En novembre dernier la programmation feminist elsewheres à l’Arsenal de Berlin commémorait le premier séminaire international du film féministe qui s’était tenu 50 ans plus tôt à l’initiative de Helke Sander et Claudia von Alemann, qui reste une figure essentielle du mouvement cinématographique féministe en Allemagne.
Au sortir de ses études à l’institut du film de Ulm où elle côtoie notamment Alexander Kluge, dans l’effervescence de la fin des années 60, Claudia von Alemann, part filmer le très chahuteur festival du film expérimental de Knokke-le-Zoute, participe au mouvement des étudiants à Paris et retrouve les fondateurs du parti des Black Panthers à Alger. Mue par ce désir partagé par d’autres de produire des films de contre-information, elle l’est aussi par celui de se libérer des formes conventionnelles. Tout au long de son œuvre, elle empruntera tour à tour aux différents langages cinématographiques, qu’elle mêlera le plus souvent, depuis les formes expérimentales au documentaire engagé, du film à la première personne à la fiction historique.
L’histoire du féminisme du XIXe siècle tient une grande place dans son travail d’auteur – elle y consacre un ouvrage et deux films – mais à l’image de Flora Tristan qui pense que l’émancipation de la classe ouvrière passera forcément par la libération des femmes, son cinéma vise aussi au présent le patriarcat et le capitalisme, frontalement dans Ce qui importe c’est de le transformer en 1972 mais aussi dans Nuits claires et ses films tournés ensuite en Thuringe après la chute du mur de Berlin.
Après Nuits claires, ses films réalisés dans sa région natale mettent en jeu sa propre histoire et celle de sa famille, et éclairent les angles morts de l’Histoire allemande. Plus directement biographique, son cinéma nous dit alors qu’il n’est pas possible de parler des autres sans parler de soi, de parler d’Histoire sans engager sa propre histoire.

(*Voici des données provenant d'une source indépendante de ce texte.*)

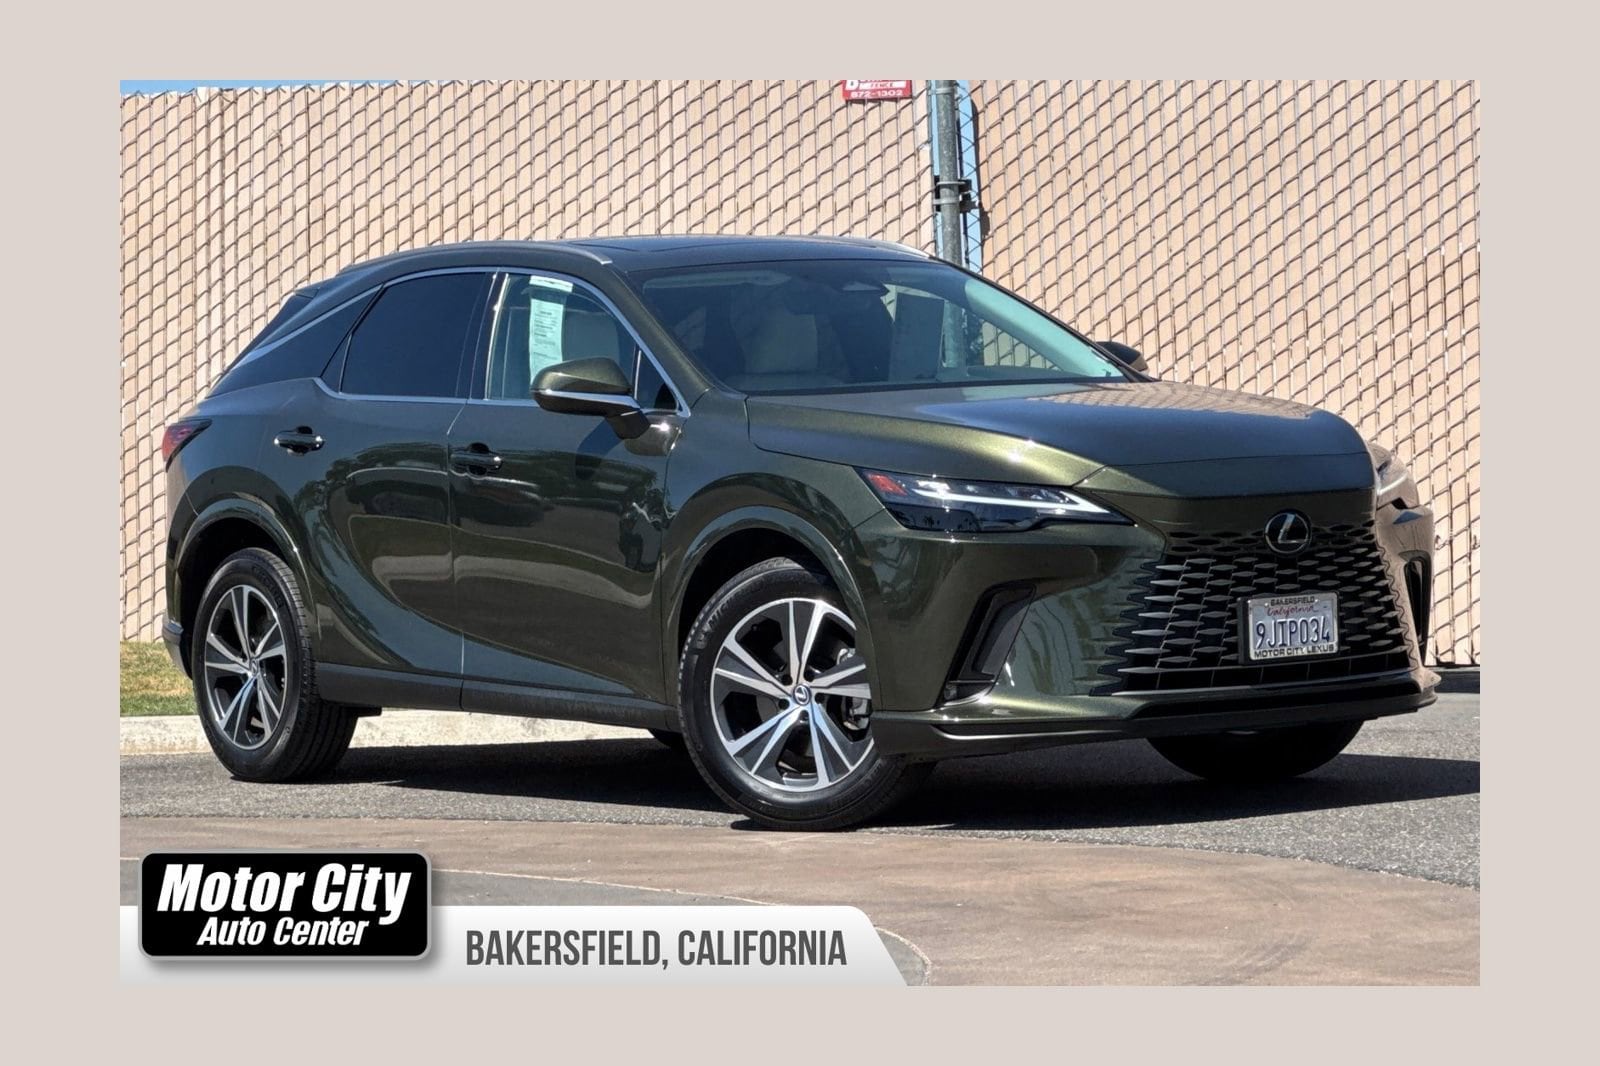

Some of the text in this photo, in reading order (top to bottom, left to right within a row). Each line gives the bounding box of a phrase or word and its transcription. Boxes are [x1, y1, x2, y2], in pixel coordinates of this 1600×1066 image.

[1270, 596, 1315, 606] BAKERSFIELD
[1255, 616, 1330, 650] 9JIP034
[1254, 643, 1335, 658] MOTOR CITY LEXUS

Dans Feminist Worldmaking and the Moving Image, catalogue de l’exposition No master territories¹, est reproduit un texte de la cinéaste datant de 1976 qui interroge le terme «collectif», soulignant sa force de pensée, de résistance et d’action. Le collectif constitue sans doute un des arguments de Claudia von Alemann, de son désir de cinéma, de son engagement de cinéaste féministe.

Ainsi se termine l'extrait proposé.